2.2. Bioanalysis of Erinacine A
Analysis of erinacine A concentration in samples was conducted by Agilent 1100 series HPLC system (Agilent, Waldbronn, Germany) equipped with a G1376A capillary pump and a G1313A autosampler. Chromatographic separation was carried out in an Agilent Eclipse XDB-C18 column (3.5 µm, 4.6 × 100 mm) at 25 °C. The mobile phase consists of water (A) and acetonitrile (B) with gradient elution program as follows: 0 min, 70% B; 0–5 min, 70–100% B; 5–8 min, 100% B; 8–8.1 min, 100–70% B; 8.1–11 min, 70% B. The flow rate was 0.35 mL/min and injection volume was 10 μL. Mass spectrometric detection was conducted on an API 3000 triple quadrupole instrument (Applied Biosystems, Vaughan, ON, Canada) in multiple reaction monitoring (MRM) mode with parameters as follows: nebulizer gas, 10 psi; collision gas, 2 psi; curtain gas, 7 psi; source voltage, 4.5 kV; source temperature, 275 °C. A turbo ionspray electrospray ionization (ESI) interface in positive ionization mode was used (Applied Biosystem, Foster City, CA, USA). The specific precursor to product ion transitions is [M+H] 433 → 301 for erinacine A and 197 → 169 for 2,4,5-TMBA (internal standard). Data analysis was performed with Analyst 1.4.2 software (Applied Biosystems, Concord, ON, Canada) [22].
2.3. Method Validation
LC/MS/MS method was validated according to the guidelines set by the European Medicines Agency [25]. Intra- and inter-day variations were measured by analyzing erinacine A at 7 concentration levels (5, 10, 20, 50, 100, 200, and 500 ng/mL) in six replicate samples on three consecutive validation days. The methods are acceptable when the precision and accuracy of intra-day and inter-day are within ±15% [26]. Precision (measure of the random error) and accuracy (measure of systematic error). were expressed as percentage coefficient of variation (% CV) and percentage bias (% bias), respectively. Percentage coefficient of variation is calculated as (standard deviation/mean) × 100 while percentage bias is calculated as [(measured concentration − theoretical concentration)/theoretical concentration] × 100 [26].

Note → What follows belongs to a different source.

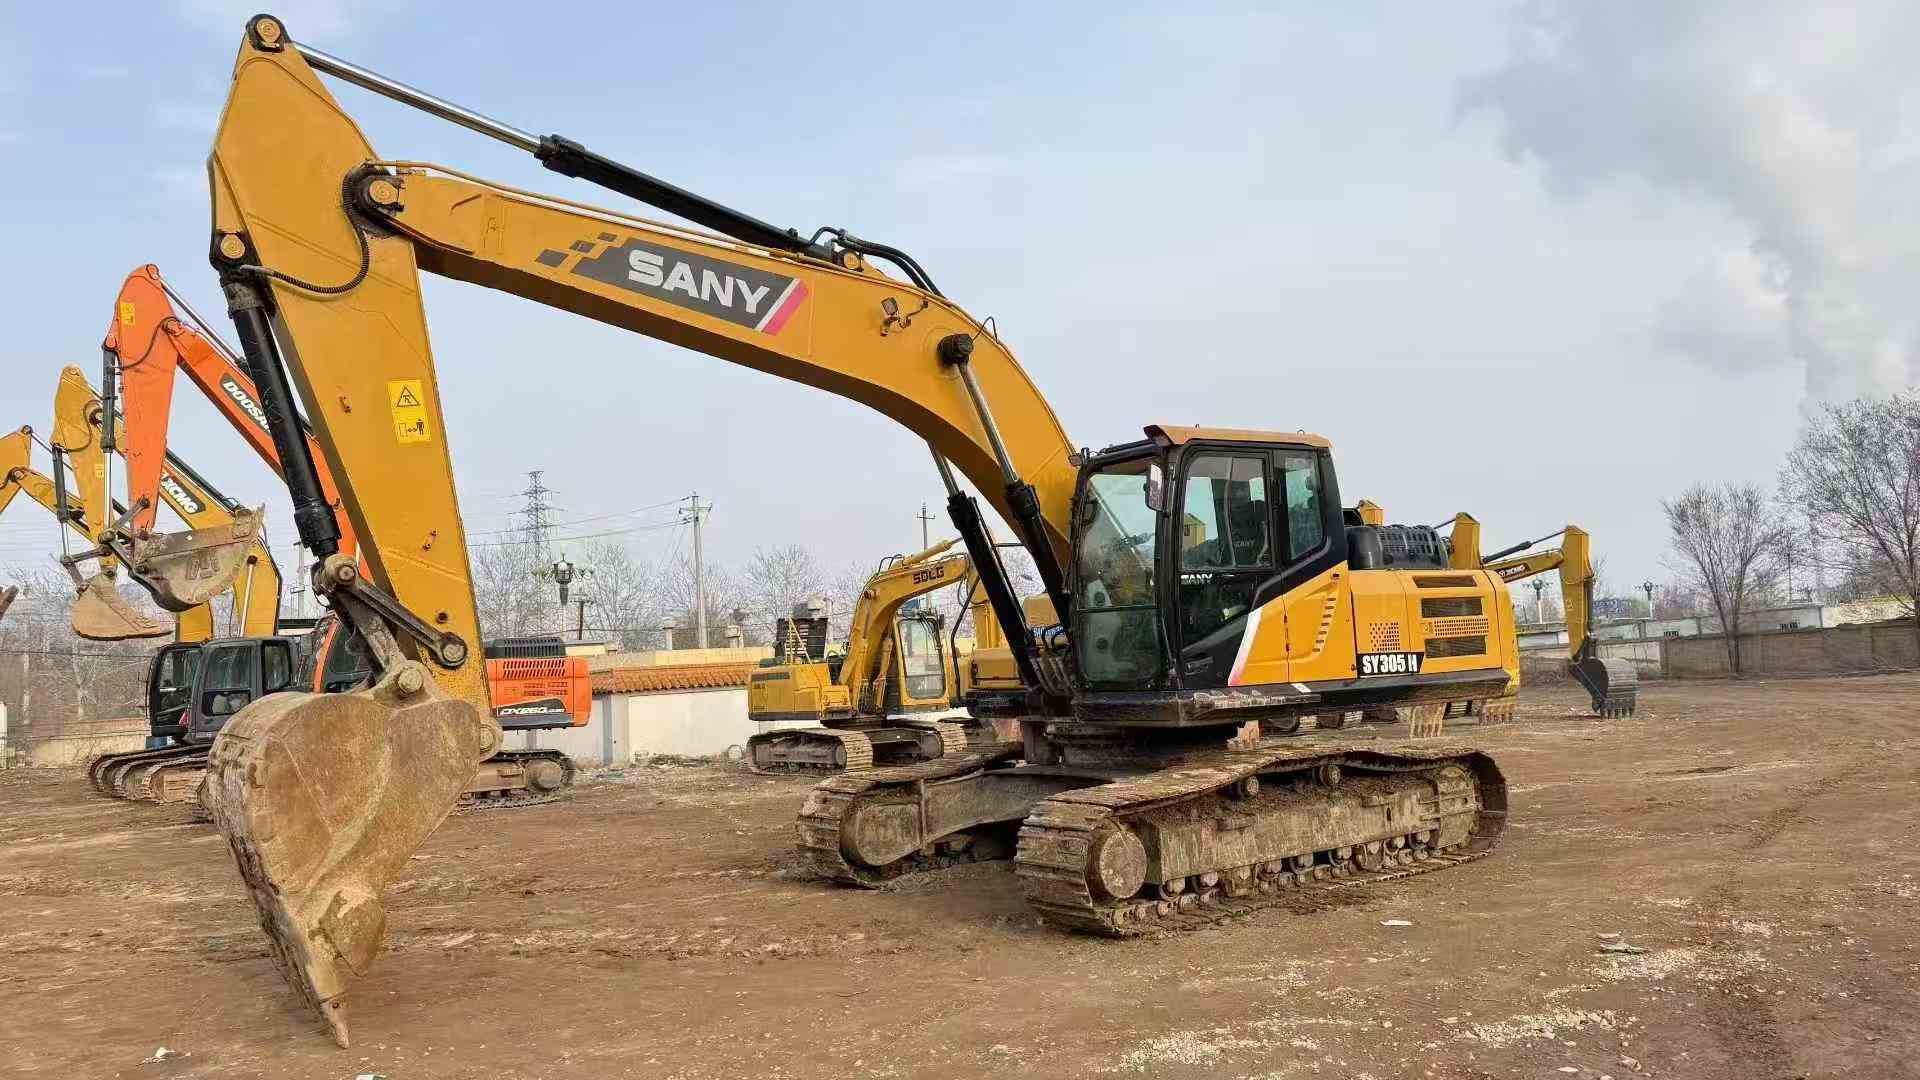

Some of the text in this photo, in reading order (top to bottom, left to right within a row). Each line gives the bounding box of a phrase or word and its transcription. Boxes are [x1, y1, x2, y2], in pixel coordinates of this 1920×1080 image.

[627, 249, 770, 314] SANY
[222, 381, 271, 433] DOOSA
[1362, 653, 1406, 674] SY305

Recoveries were assessed by comparing the chromatograms of samples which were spiked with erinacine A and internal standard 2,4,5-TMBA (Sigma-Aldrich, St. Louis, MO, USA) before extraction to that of samples which were spiked after extraction. Briefly, 40 μL of erinacine A stock solution at different concentrations were added to 160 μL of plasma or tissue homogenates to make working solution. Two hundred μL of internal standard 2,4,5-TMBA (final concentration 200 ng/mL) and 800 μL ethyl acetate was added to the solution followed by vortexing for 1 min and centrifuging at 9615× g for 10 min. The supernatant was evaporated to dryness and the residue was reconstituted with isovolumetric acetonitrile for LC-MS/MS analysis. Extraction recovery (%) was calculated as: (measured concentration/theoretical concentration) × 100% [22].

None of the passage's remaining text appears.